Typical chromatogram of the acid degradation sample
Figure 3.
Typical chromatogram of the base degradation sample
Table 1.
Summary of forced degradation results
Precision
The precision of method was verified by repeatability and intermediate precision. Repeatability was checked by injecting six individual preparations of guaifenesin tablets spiked with its two impurities, β-isomer and guaiacol at 1.0% and 0.05% level, respectively (1.0% and 0.05% of impurities with respect to 2.4mg/ mL guaifenesin). The intermediate precision of the method was also evaluated using different analyst, different instrument, and performing the analysis on different days. The % RSD for the area of β-isomer and guaiacol in repeatability study was within 2.7% and in intermediate precision study was within 0.5%, which confirms the good precision of the method. The % RSD values are presented in Table 2.
Table 2.
Evaluation of LOD, LOQ, linearity, and precision data
Limits of detection and quantification
The LOD and LOQ for β-isomer and guaiacol were determined at a signal-to-noise ratio of 3:1 and 10:1, respectively, by injecting a series of dilute solutions with known concentrations. The precision study was also carried out at the LOQ level by injecting six individual preparations of β-isomers and guaiacol impurities and calculating the % RSD of the area [Table 2].
Linearity
Linearity test solutions were prepared by diluting the stock solutions to the required concentrations. The solutions were prepared at six concentration levels ranging from 0.227 to 72.046 μg/mL for β-isomers and 0.163–4.8121 μg/mL for guaiacol impurites. Calibration curves were plotted between the responses of peak vs. analyte concentrations.

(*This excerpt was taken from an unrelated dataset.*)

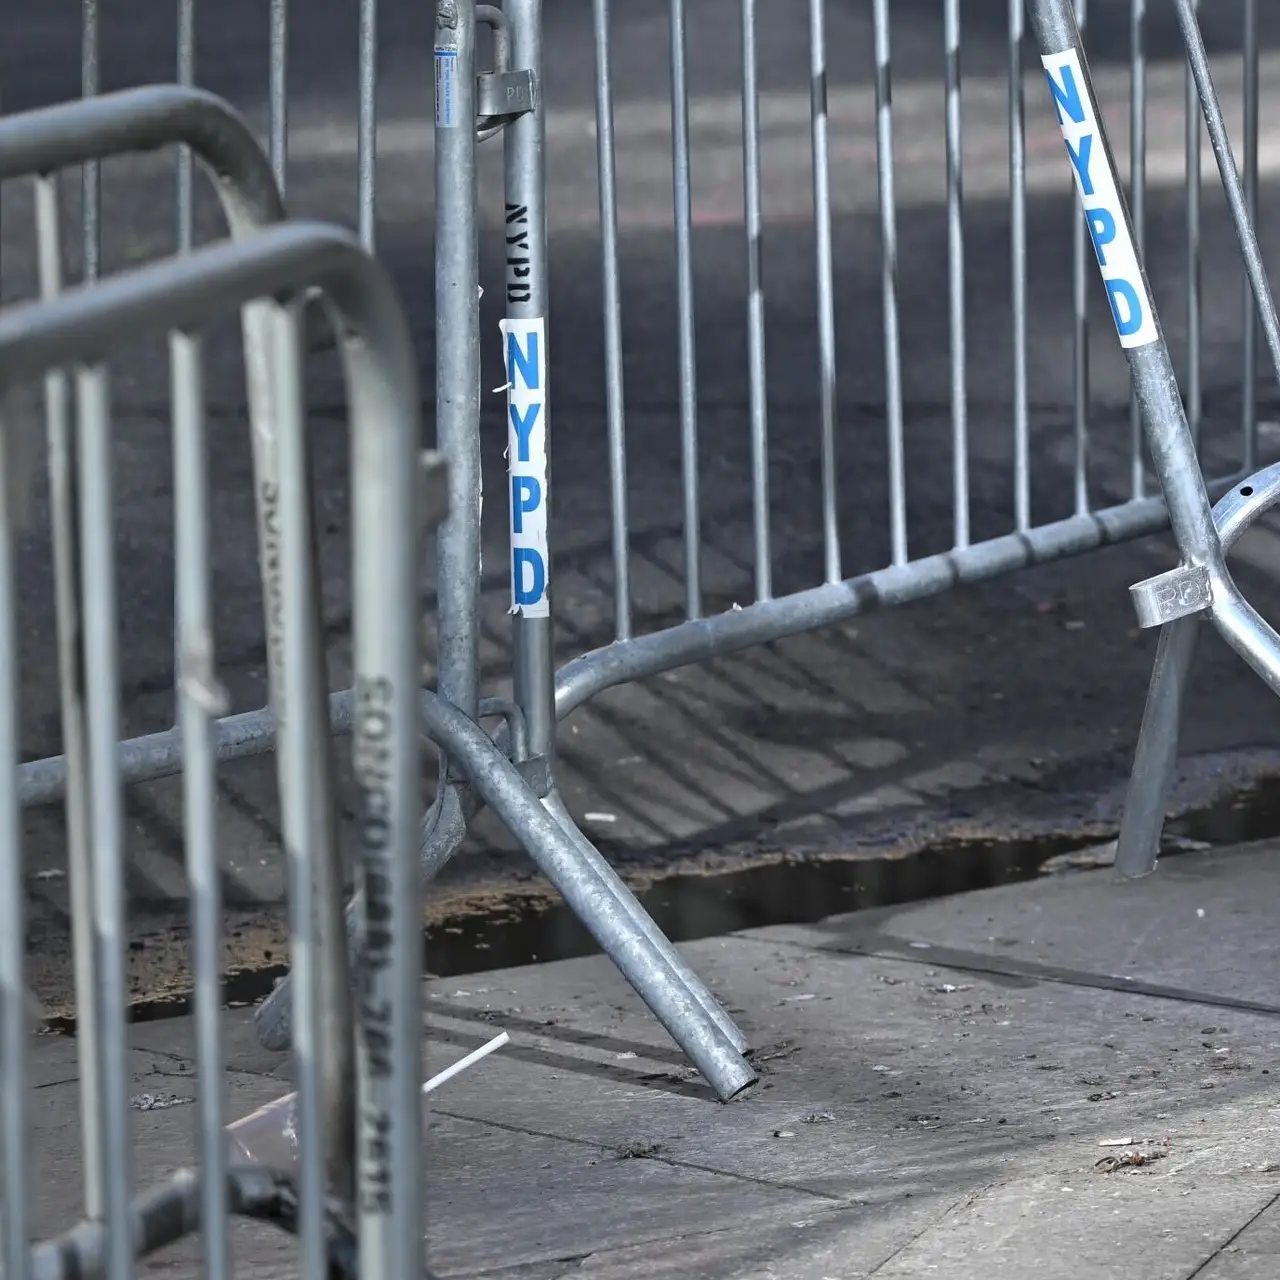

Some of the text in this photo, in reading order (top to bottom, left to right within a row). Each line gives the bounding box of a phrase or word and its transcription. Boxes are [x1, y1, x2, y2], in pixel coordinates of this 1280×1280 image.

[505, 203, 531, 303] NYPD
[1045, 65, 1142, 336] NYPD
[506, 331, 546, 606] NYPD

The correlation coefficient obtained was greater than 0.999 and % bias at 100% response was within 5% [Table 2]. The above results show that an excellent correlation existed between peak area and concentration of β-isomer and guaiacol.
Accuracy
Accuracy of the method for β-isomer was evaluated in triplicate using six concentration levels at 0.235, 11.843, 17.765, 23.686, 44.412, and 54.281μg/mL and guaiacol at 0.163, 0.542, 0.854, 1.164, 2.871, and 3.492 μg/mL (i.e. LOQ, 50%, 75%, 100%, 200%, and 300% level of specification, respectively). The percentage recovery of β-isomer and guaiacol in guaifenesin samples varied from 88.3% to 108.7%. The LC chromatogram of the spiked sample at the specification level of both impurities in the guaifenesin tablet sample is shown in Figure 4. The recovery values for β-isomers and guaiacol are presented in Table 3.
Figure 4.
Typical chromatogram of sample spiked with impurities
Table 3.
Recovery study of the analytical method
Robustness
To determine the robustness of the developed method, experimental conditions were deliberately altered and the relative retention time (RRT) of β-isomer and guaiacol with respect to guaifenesin; and system suitability parameters for guaifenesin standard was recorded. The variables evaluated in the study were pH of the mobile phase buffer (+0.2), column temperature (± 5°C), flow rate (± 0.2 mL/min), and % organic in the mobile phase (± 10%). In all the deliberate varied chromatographic conditions, all analytes were adequately resolved and the elution order remained unchanged. The area ratio for the guaifenesin peak from standard solution was between 0.9 and 1.1 and the tailing factor was less than 1.1 [Table 4].
Table 4.
Robustness results of the HPLC method
Stability of solution and the mobile phase
The solution stability of guaifenesin and its impurities were determined by leaving test solution and standard solutions in tightly capped volumetric flasks at room temperature for 48 h and measured the amount of both impurities at every 24 h against freshly prepared standard solution. The stability of the mobile phase was also determined by freshly prepared solutions of guaifenesin and its impurities at 24 h interval for 48 h. The mobile phase was not changed during the study. The variability in the estimation of β-isomers and guaiacol was within ± 10% during solution stability and mobile phase stability. The results from solution stability and mobile phase stability experiments confirmed that sample solution, standard solution and mobile phase were stable up to 48 h.
CONCLUSIONS
A simple and efficient reverse-phase HPLC method was developed and validated for quantitative analysis of guaifenesin in pharmaceutical dosage forms. The method found to be precise, accurate, linear, robust, and rugged during validation. Satisfactory results were obtained from the validation of the method. The method is stability indicating and can be used for routine analysis of production samples and to check the stability of the guaifenesin tablets.
ACKNOWLEDGMENT
The authors are thankful to the management of Dr. Reddy's Laboratories Ltd., Hyderabad, for providing facilities to carry out this work.
Footnotes
Source of Support: Nil.
Conflict of Interest: None declared.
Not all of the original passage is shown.